In RRAM, the top metal layer creates a conductive electrode, the middle is an amorphous silicon switching medium, and the lower layer is nonmetallic. When the programming voltage is applied between the two electrodes, the nanoparticles of the top electrode diffuse in the switching material and create a filament; the memory cell is conductive when the filament contacts the bottom electrode. When the reverse voltage is applied between the two electrodes, the filament is pushed back and disappears. The memory cell is non-conductive.
Crossbar refers to the electron leakage between cells as "sneak path current," which is inherent in RRAM memory.
To overcome the data error problem with its RRAM, Crossbar invented a way to hide adjacent cells from those being programmed to store data, thereby insulating them from unintentional changes. It did that by setting a specific voltage range for cells.
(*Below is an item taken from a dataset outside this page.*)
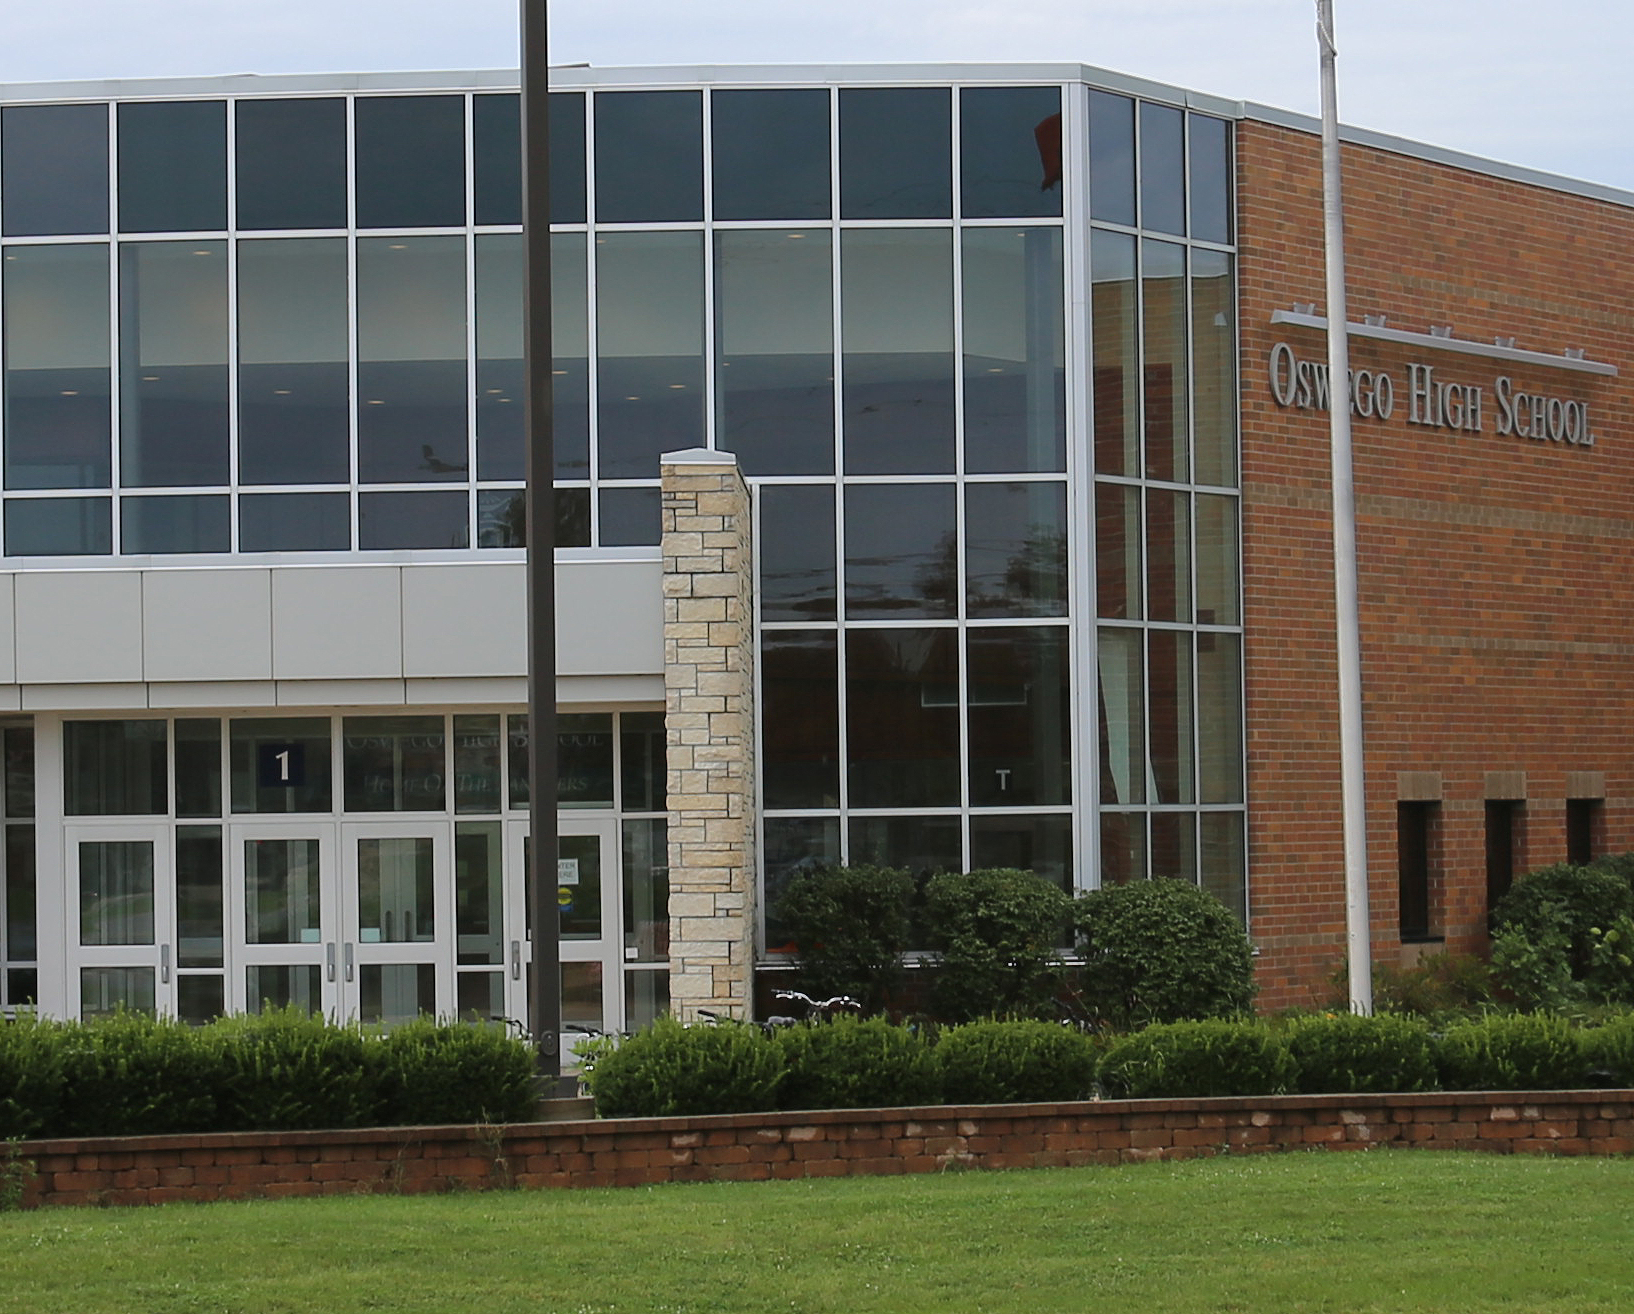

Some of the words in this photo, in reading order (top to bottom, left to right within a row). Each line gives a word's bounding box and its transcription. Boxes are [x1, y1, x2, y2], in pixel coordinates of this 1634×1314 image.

[1406, 363, 1482, 432] HIGH
[1495, 376, 1595, 446] SCHOOL
[275, 751, 289, 780] 1
Cells programmed between -1 volt and +1 volt are ignored, and anything outside that range can be programmed to hold new data.
The technology is called a Field-Assisted Superlinear Threshold (FAST) selector device, and it suppressed the sneak path current — marking another significant milestone needed to commercialize RRAM memory for high-density data applications.
"When we unveiled Crossbar RRAM eighteen months ago, we laid out aggressive plans to deliver a new generation of memory capable of scaling to 1 terabyte on a chip the size of a postage stamp," said Crossbar CEO George Minassian. "With this latest achievement, we are one step closer to commercialization, enabling the implementation of RRAM technology in commercial products; a ground breaking achievement that will redefine what is possible with enterprise storage and high-capacity non-volatile [systems-on-a-chip] memories."